■ **Action item**
For this exercise, repeat the records below exactly and omit every picture.

++++ Provided data

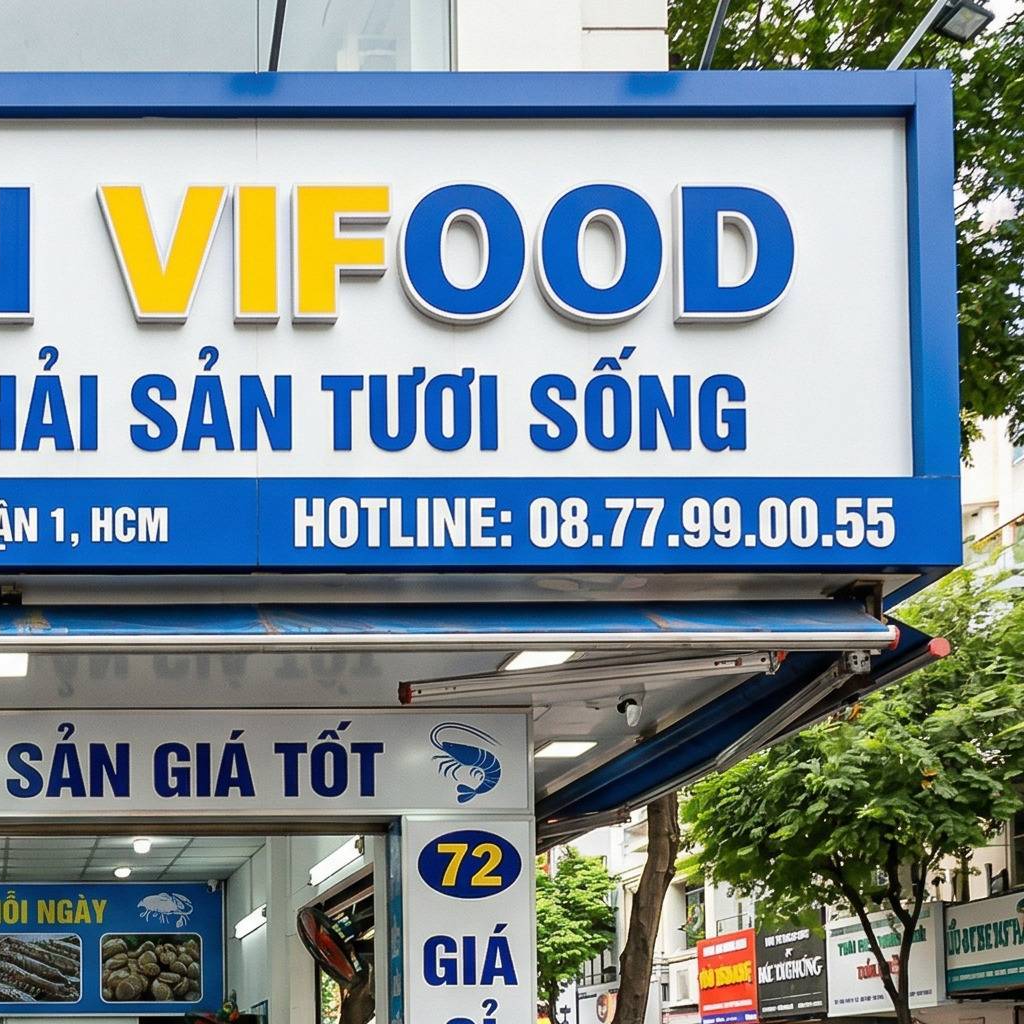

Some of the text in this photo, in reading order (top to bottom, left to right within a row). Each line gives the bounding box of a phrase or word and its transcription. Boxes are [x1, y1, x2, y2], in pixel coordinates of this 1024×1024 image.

[99, 183, 795, 319] VIFOOD
[129, 345, 293, 453] SẢN
[320, 366, 499, 453] TƯƠI
[529, 346, 747, 453] SỐNG
[50, 507, 79, 548] 1,
[91, 506, 168, 543] HCM
[293, 496, 896, 549] HOTLINE: 08.77.99.00.55
[5, 722, 131, 799] SẢN
[153, 729, 255, 799] GIÁ
[274, 721, 384, 798] TỐT
[436, 842, 503, 887] 72
[36, 893, 108, 926] NGÀY
[423, 923, 518, 987] GIÁ
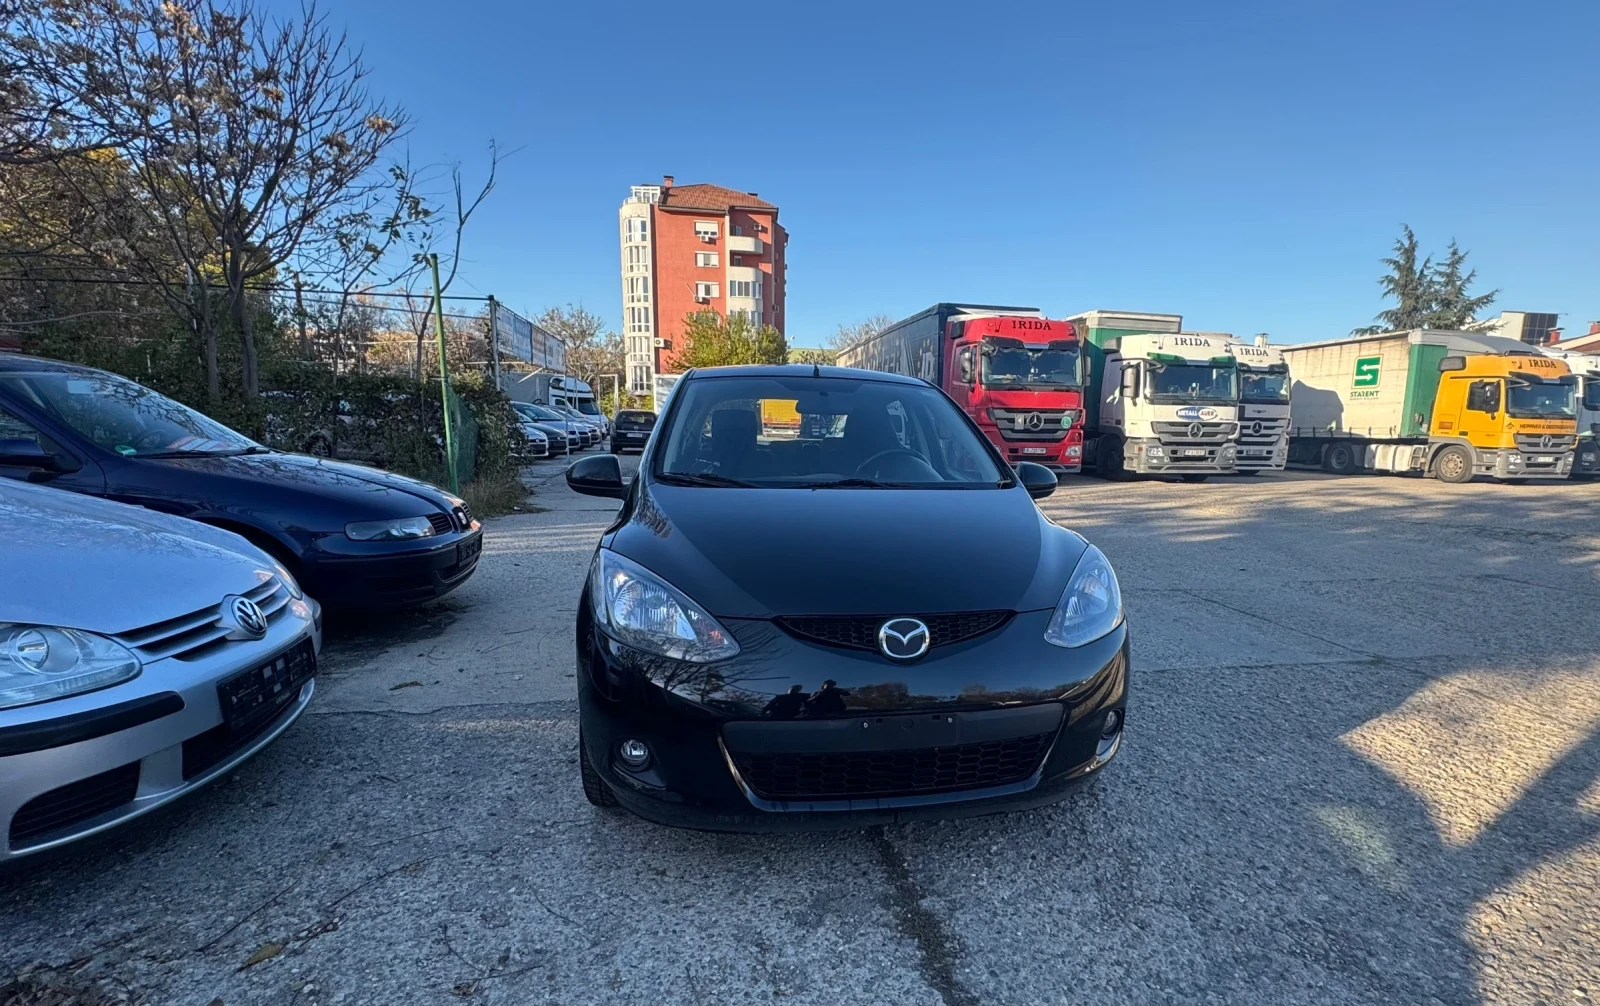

++++++++

■ **Solved exercise**
Some of the text in this photo, in reading order (top to bottom, left to right within a row). Each line gives the bounding box of a phrase or word and its transcription. Boxes are [x1, y1, x2, y2], in pixel coordinates of this 1024×1024 image.

[99, 183, 795, 319] VIFOOD
[129, 345, 293, 453] SẢN
[320, 366, 499, 453] TƯƠI
[529, 346, 747, 453] SỐNG
[50, 507, 79, 548] 1,
[91, 506, 168, 543] HCM
[293, 496, 896, 549] HOTLINE: 08.77.99.00.55
[5, 722, 131, 799] SẢN
[153, 729, 255, 799] GIÁ
[274, 721, 384, 798] TỐT
[436, 842, 503, 887] 72
[36, 893, 108, 926] NGÀY
[423, 923, 518, 987] GIÁ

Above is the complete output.